I ended up working in an office at USARSO, which stood for United States Army Southern Comand – all of Latin America. I wore a USARSO patch on my uniform as I spent my 17 months at Ft. Amador in the then Canal Zone, safely ensconed in an office clerk’s job with a permanent pass in my pocket and Panama City a very few miles away, and at the end went home safe and sound — even as casualties mounted in Vietnam.
But, I do not regret it. I do not regret that in these oh so fraught times I can say this: I don’t know about you, but I served.
And in serving I learned a lot that I took with me these 50 years since about people, about the people who do.
So I know how little soldiers really could know when first they are sent into battle. I know – absent extraordinary luck – I would not have had the reflexes to survive. I have always known that, known it since basic training even when I was young and quick.

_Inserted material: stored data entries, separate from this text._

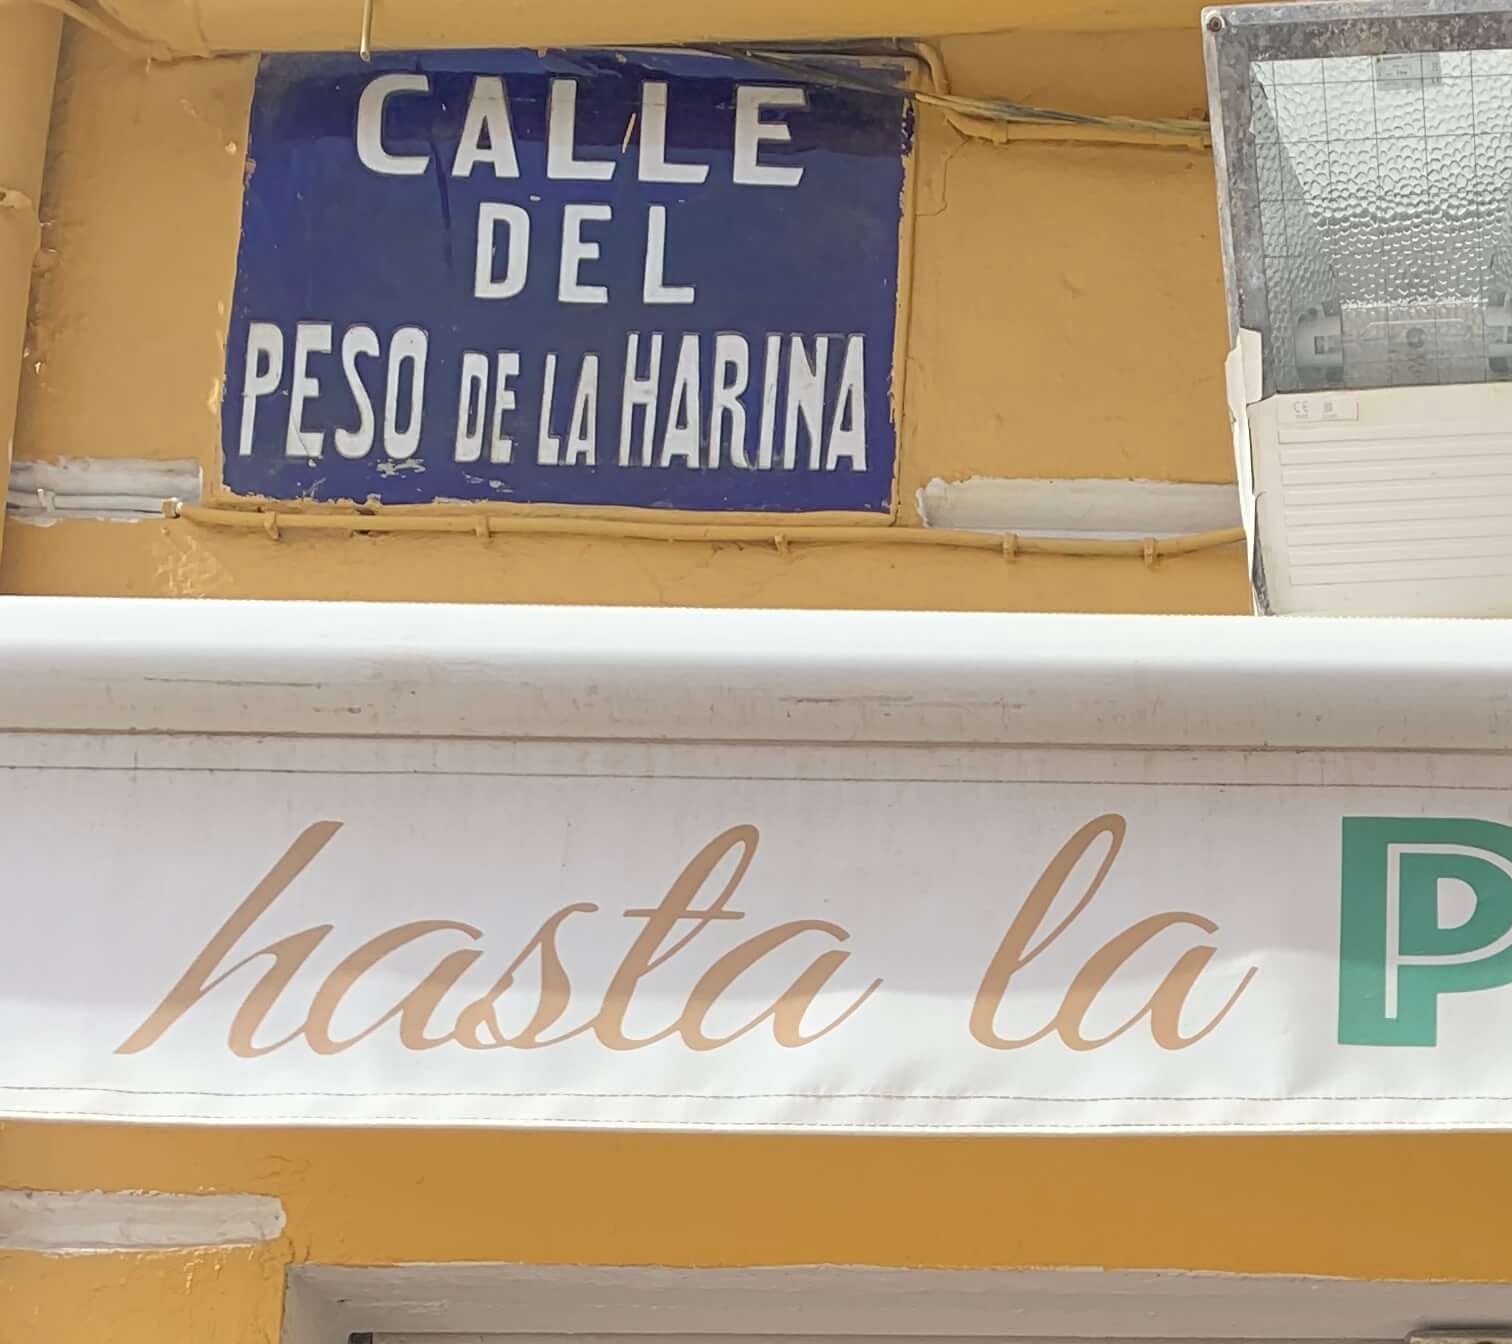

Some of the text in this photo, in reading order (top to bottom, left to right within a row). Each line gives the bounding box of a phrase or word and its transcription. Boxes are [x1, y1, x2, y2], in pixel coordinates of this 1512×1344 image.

[355, 73, 807, 187] CALLE
[474, 202, 695, 304] DEL
[239, 321, 868, 471] PESO DE LA HARINA
[114, 820, 884, 1059] hasta
[967, 813, 1258, 1051] la
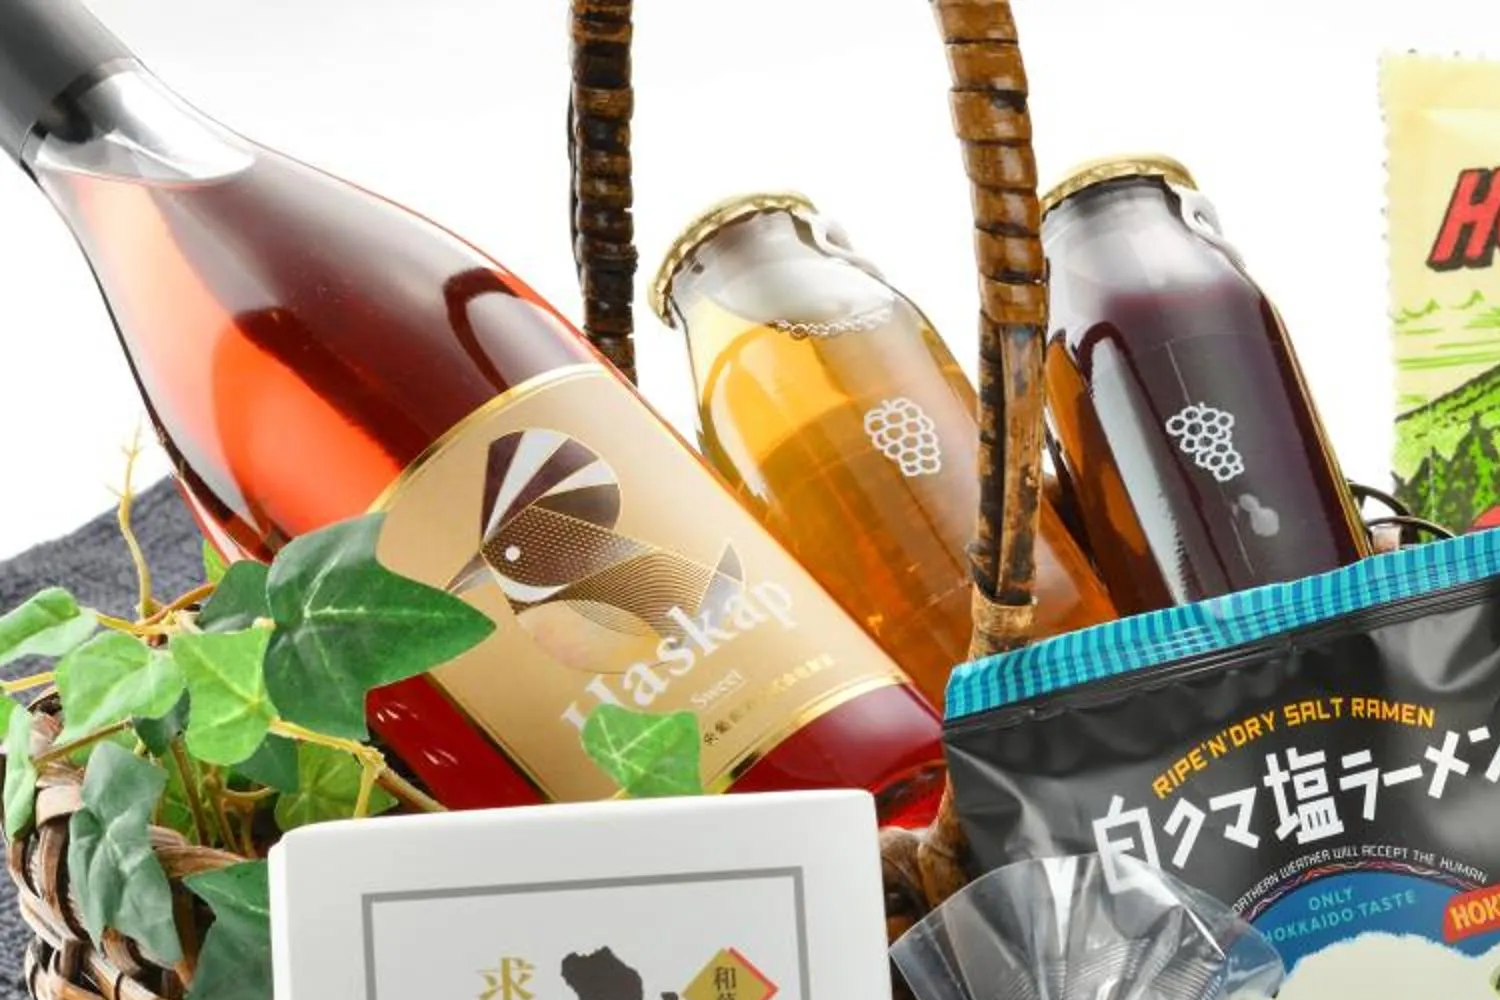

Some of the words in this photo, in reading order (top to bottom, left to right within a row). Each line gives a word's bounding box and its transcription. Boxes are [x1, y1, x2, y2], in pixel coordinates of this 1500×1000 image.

[1283, 697, 1343, 727] SALT
[1351, 697, 1435, 728] RAMEN
[1413, 850, 1436, 865] THE
[1308, 886, 1354, 912] ONLY
[1262, 908, 1353, 943] HOKKAIDO
[1360, 889, 1416, 917] TASTE
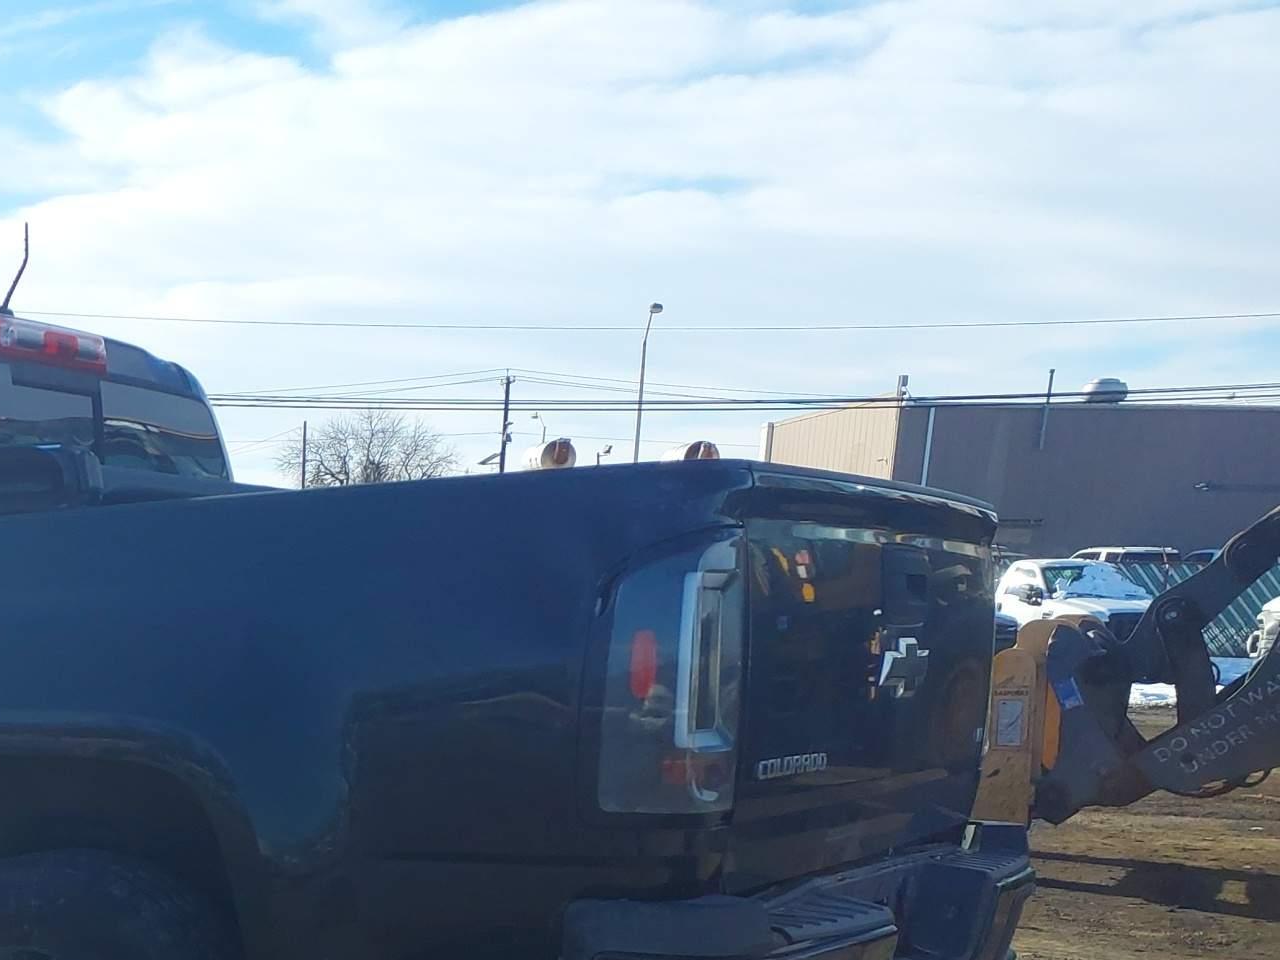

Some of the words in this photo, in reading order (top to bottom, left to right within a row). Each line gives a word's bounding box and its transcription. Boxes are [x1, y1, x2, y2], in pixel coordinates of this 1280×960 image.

[1153, 737, 1188, 762] DO
[1190, 703, 1236, 738] NOT
[1240, 673, 1280, 705] WA
[758, 753, 827, 780] COLORADO
[1181, 724, 1255, 773] UNDER
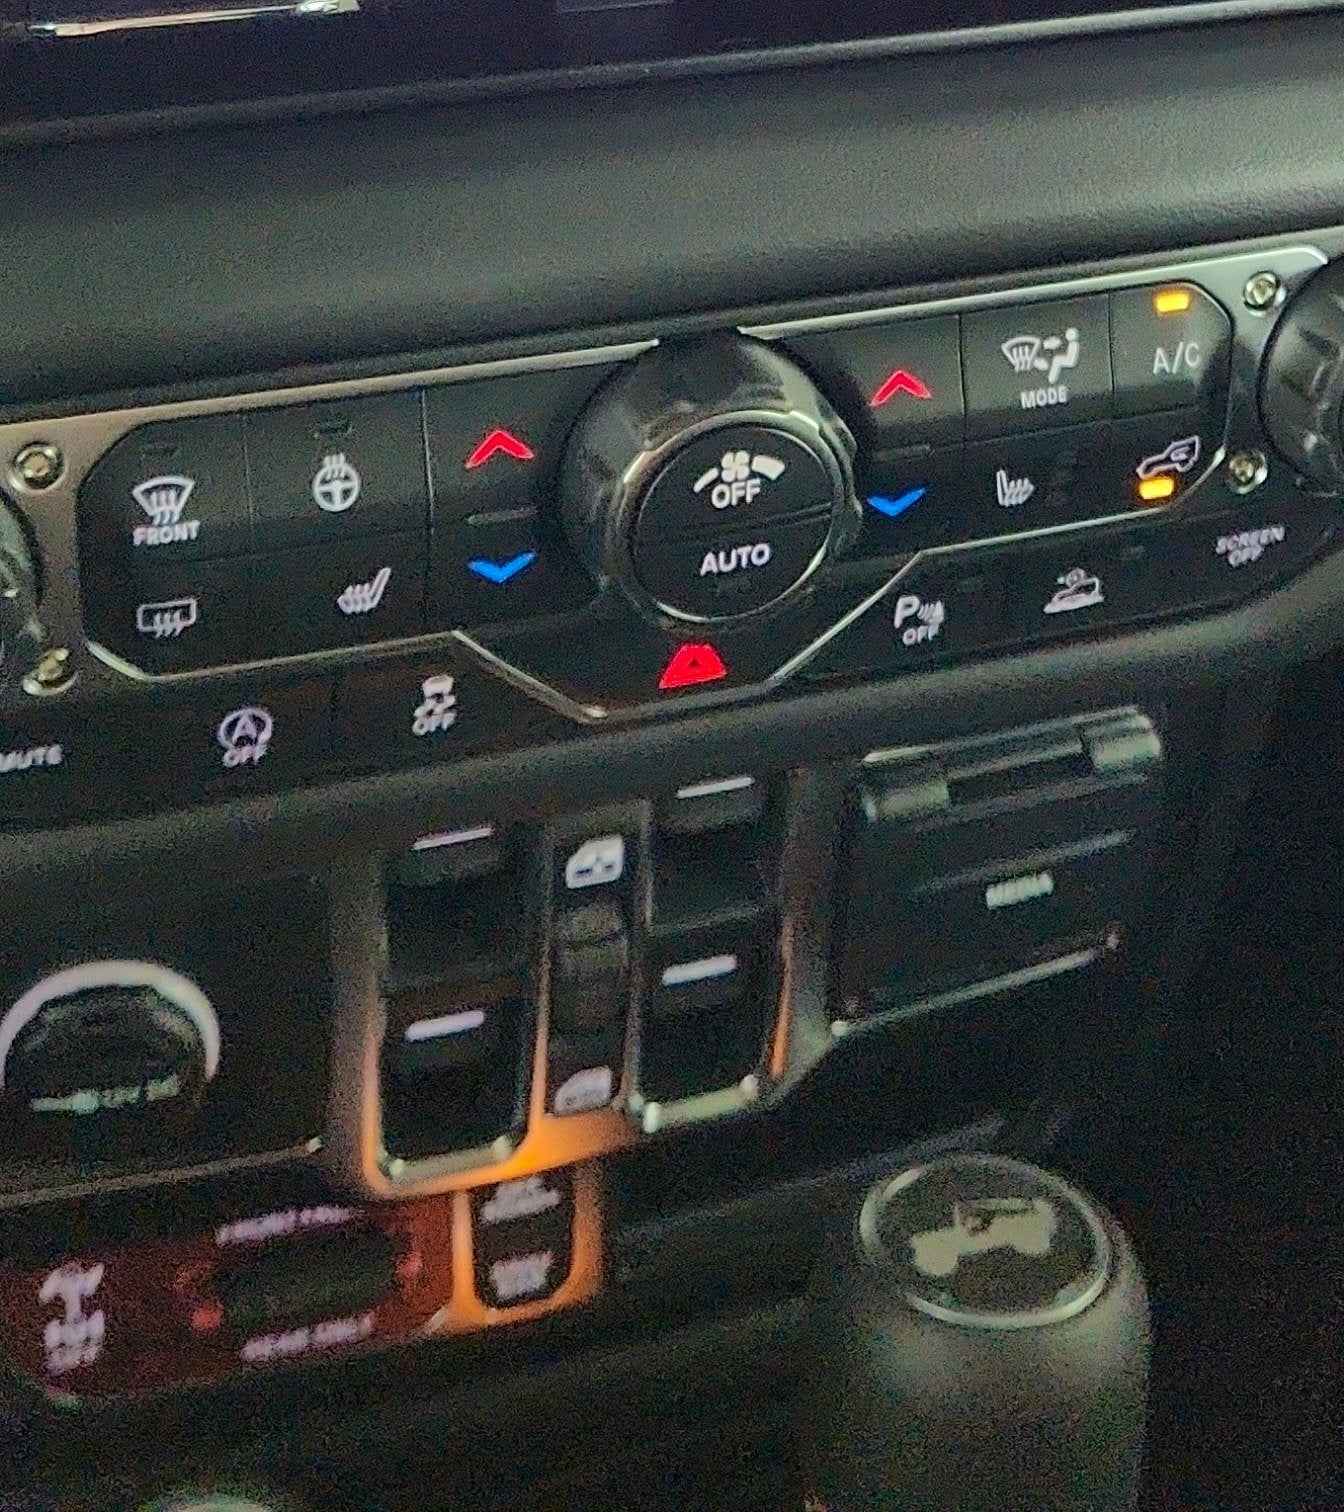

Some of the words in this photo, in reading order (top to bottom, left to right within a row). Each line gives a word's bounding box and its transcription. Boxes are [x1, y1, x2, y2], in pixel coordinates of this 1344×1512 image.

[1153, 341, 1201, 375] A/C
[1021, 385, 1068, 409] MODE
[711, 479, 761, 509] OFF
[133, 520, 200, 546] FRONT
[700, 543, 771, 576] AUTO
[902, 625, 940, 646] OFF
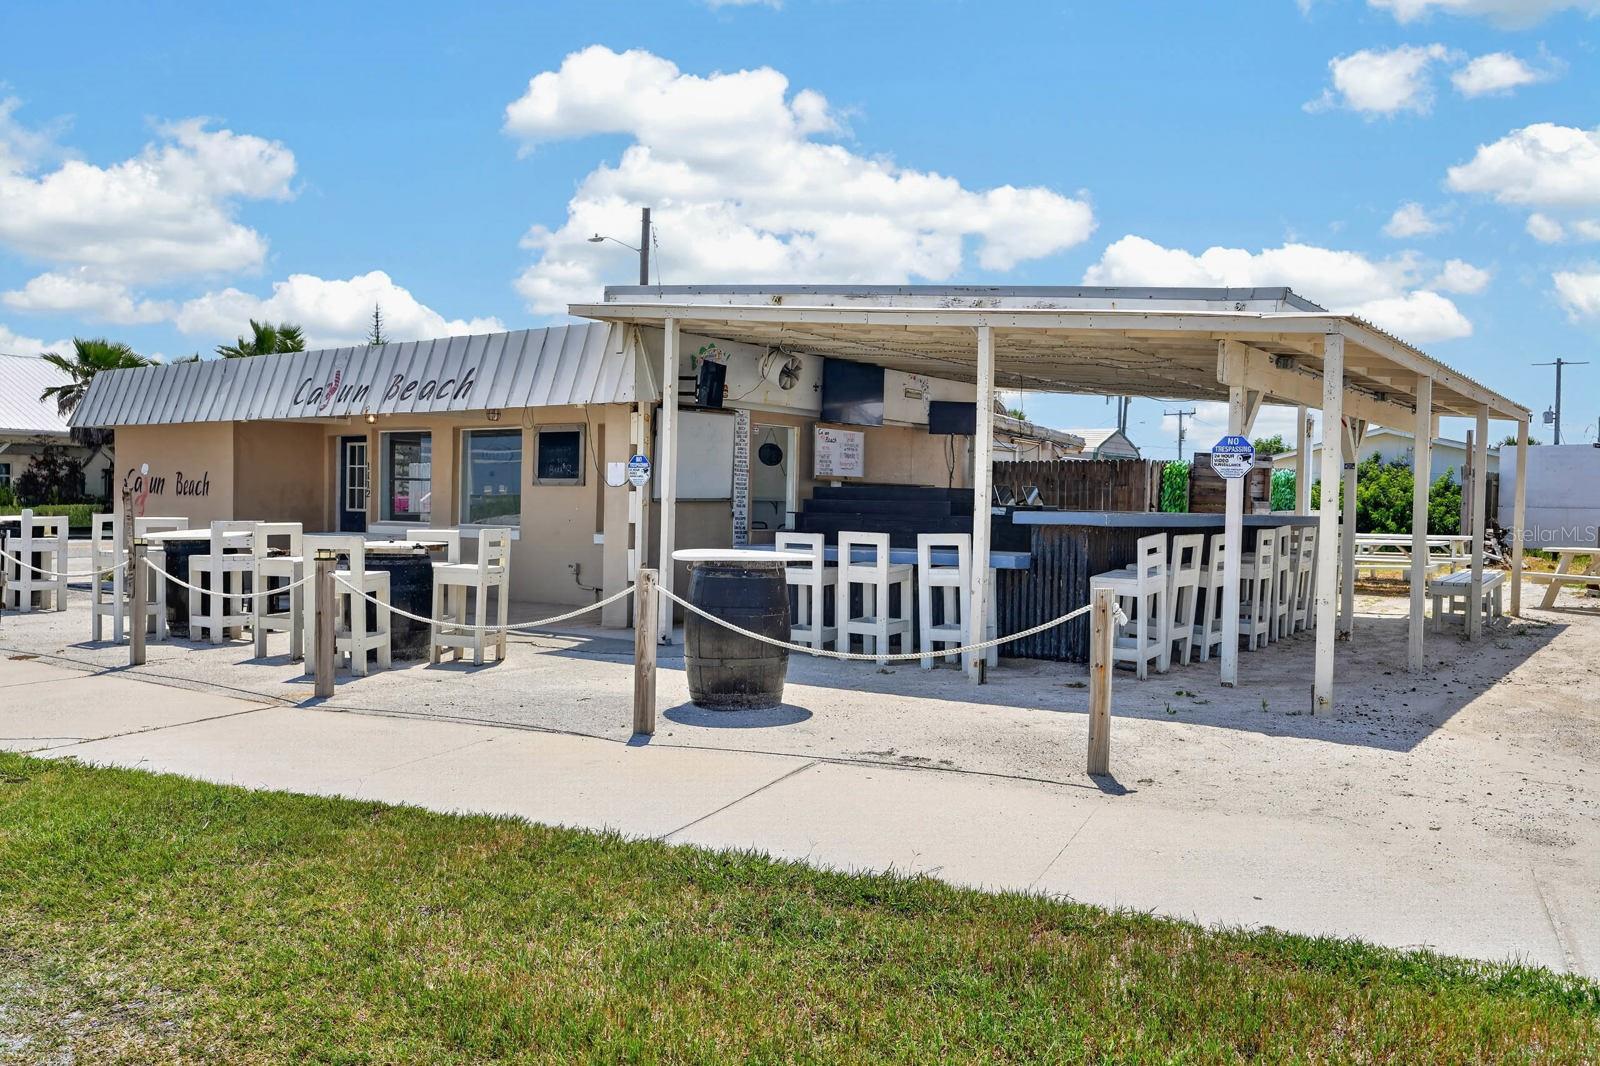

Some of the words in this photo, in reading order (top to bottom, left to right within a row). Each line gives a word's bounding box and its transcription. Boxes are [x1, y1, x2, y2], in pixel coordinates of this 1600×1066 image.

[383, 367, 476, 405] Beach
[1227, 437, 1239, 445] NO
[175, 470, 210, 497] Beach

But I didn’t get called to do that, didn’t have to and so I have lived all these years since and thought about a few in my basic company and then my infantry training company and wondered, wondered if they made it out. Did you make it out and home Willis? I wish I knew.
But – but I’ve lived ever since with a sense of what it could be like, and how much so, for anyone to whom it ever fell to be called to battle for this country of ours, to be called in the words of this anthem, to give their best.
Listen now to that “American Anthem” because part of bridging the gap,ending the “uncivil war” as the president correctly called it today, is to end indifference or, worse, diffidence for those those who do.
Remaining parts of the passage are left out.